J’ai pu m’entretenir avec plusieurs familles de résidents qui confirment ne jamais avoir cautionné une baisse de services pour leur proche.

C’est le cas d’Antoine Durand, dont la fille Charlotte, 19 ans, habite le Camélia depuis deux ans. Semi-voyante et atteinte du syndrome De Morsier, la jeune femme a aussi une paralysie à 50% du côté droit de son corps. On avait évalué ses besoins à 24 heures de services par semaine, avec des attestations de médecins et même des documents du gouvernement indiquant qu’il était primordial de lui offrir de la supervision pour qu’elle fasse de l’exercice. Selon M. Bertrand, le CIUSSS aurait balayé le tout du revers de la main, retranchant 10 heures de services par semaine pour sa fille.

«On nous a même accusés de frauder le système, de voler du temps. On ne nous donne aucun service et en plus, on nous coupe ce à quoi on a droit. J’aimerais bien voir ça, moi, le papier où j’ai signé pour faire baisser les heures de services à ma fille. Tout ça s’est fait sans notre consentement», évoque le papa.

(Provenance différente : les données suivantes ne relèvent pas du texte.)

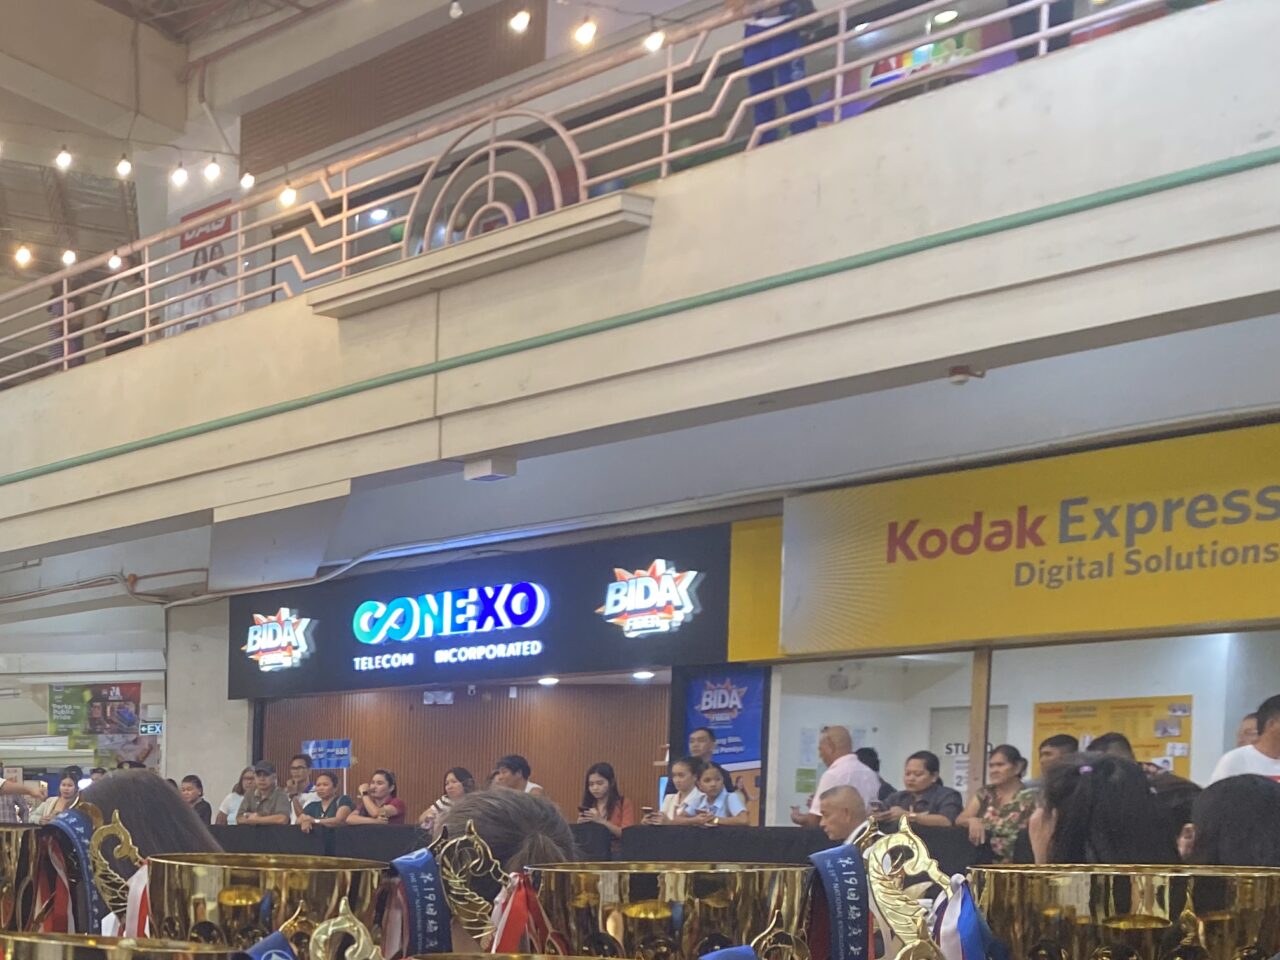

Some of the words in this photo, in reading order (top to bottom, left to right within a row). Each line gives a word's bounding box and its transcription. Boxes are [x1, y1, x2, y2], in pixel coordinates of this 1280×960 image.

Même son de cloche pour Sylvie Laguë, dont la fille Isadora, 27 ans, s’est aussi fait retrancher des heures de services, elle qui souffre d’une déficience intellectuelle moyenne avec dysphasie. «Tout est toujours en fonction des grilles, de caser quelque part. La notion de l’humain derrière ça, on n’en tient pas compte. Il faudrait lâcher les grilles de temps en temps et se préoccuper des véritables besoins des usagers», croit la maman.

Chantal Tourigny, pour sa part, s’inquiète de savoir qu’au terme de l’exercice, la ressource qui héberge son frère François pourrait fermer ses portes. L’homme a habité toute sa vie avec ses parents, jusqu’au décès de sa mère en 2015. Maintenant âgé dans la soixantaine, changer de milieu de vie serait un facteur de stress très important pour lui. «C’est une ressource exceptionnelle, et les gens qui prennent ces décisions-là en ce moment n’ont clairement aucune idée de ce qu’on y fait, de comment les gens vivent et de ce dont ils ont besoin. N’y aurait-il pas moyen de travailler en concertation et en respect avec ces personnes», se demande Mme Tourigny.

Isabelle Breton est maman de Marion, qui a 27 ans et qui vit avec la trisomie 21. Depuis un mois, elle peut bénéficier du CES pour 14,5 heures de services par semaine, ce qui à son avis est suffisant pour les besoins de Marion. Toutefois, elle constate à quel point il est difficile d’obtenir des informations de la part du CIUSSS MCQ sur la situation actuelle, ce qui ne rassure en rien sa famille.



«Nous n’avons jamais été rencontrés par le CIUSSS pour savoir si nous étions satisfaits, mais nous le sommes. Notre fille est super heureuse, elle s’épanouit, ses besoins sont comblés et notre besoin de sécurité comme parents l’est aussi. S’il fallait que ça ferme, pour ma fille, c’est la dépression qui l’attend. On perdrait un allié de taille dans l’accompagnement de notre fille», considère-t-elle.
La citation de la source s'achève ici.